Information given START
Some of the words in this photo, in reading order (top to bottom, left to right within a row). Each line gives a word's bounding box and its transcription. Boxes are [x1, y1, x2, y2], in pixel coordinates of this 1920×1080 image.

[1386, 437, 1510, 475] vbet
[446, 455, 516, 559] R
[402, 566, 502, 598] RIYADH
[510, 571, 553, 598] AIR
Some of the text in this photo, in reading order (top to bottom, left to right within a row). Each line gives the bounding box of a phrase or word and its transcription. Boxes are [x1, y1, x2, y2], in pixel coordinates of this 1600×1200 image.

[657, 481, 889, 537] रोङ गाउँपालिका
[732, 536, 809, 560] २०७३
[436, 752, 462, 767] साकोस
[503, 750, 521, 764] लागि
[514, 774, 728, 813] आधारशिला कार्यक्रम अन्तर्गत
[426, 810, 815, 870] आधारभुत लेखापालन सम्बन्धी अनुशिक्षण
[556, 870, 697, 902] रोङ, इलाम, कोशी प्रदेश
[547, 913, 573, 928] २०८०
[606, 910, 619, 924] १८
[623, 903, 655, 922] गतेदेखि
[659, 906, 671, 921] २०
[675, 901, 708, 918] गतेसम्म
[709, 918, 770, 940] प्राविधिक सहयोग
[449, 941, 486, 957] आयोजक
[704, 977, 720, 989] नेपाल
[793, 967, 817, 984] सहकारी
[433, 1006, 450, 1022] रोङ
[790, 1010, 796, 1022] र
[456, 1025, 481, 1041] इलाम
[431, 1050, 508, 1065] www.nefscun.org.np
Information given END
## Task prompt
Output all entries again exactly; no line may be altered.

## Response to this task
Some of the words in this photo, in reading order (top to bottom, left to right within a row). Each line gives a word's bounding box and its transcription. Boxes are [x1, y1, x2, y2], in pixel coordinates of this 1920×1080 image.

[1386, 437, 1510, 475] vbet
[446, 455, 516, 559] R
[402, 566, 502, 598] RIYADH
[510, 571, 553, 598] AIR
Some of the text in this photo, in reading order (top to bottom, left to right within a row). Each line gives the bounding box of a phrase or word and its transcription. Boxes are [x1, y1, x2, y2], in pixel coordinates of this 1600×1200 image.

[657, 481, 889, 537] रोङ गाउँपालिका
[732, 536, 809, 560] २०७३
[436, 752, 462, 767] साकोस
[503, 750, 521, 764] लागि
[514, 774, 728, 813] आधारशिला कार्यक्रम अन्तर्गत
[426, 810, 815, 870] आधारभुत लेखापालन सम्बन्धी अनुशिक्षण
[556, 870, 697, 902] रोङ, इलाम, कोशी प्रदेश
[547, 913, 573, 928] २०८०
[606, 910, 619, 924] १८
[623, 903, 655, 922] गतेदेखि
[659, 906, 671, 921] २०
[675, 901, 708, 918] गतेसम्म
[709, 918, 770, 940] प्राविधिक सहयोग
[449, 941, 486, 957] आयोजक
[704, 977, 720, 989] नेपाल
[793, 967, 817, 984] सहकारी
[433, 1006, 450, 1022] रोङ
[790, 1010, 796, 1022] र
[456, 1025, 481, 1041] इलाम
[431, 1050, 508, 1065] www.nefscun.org.np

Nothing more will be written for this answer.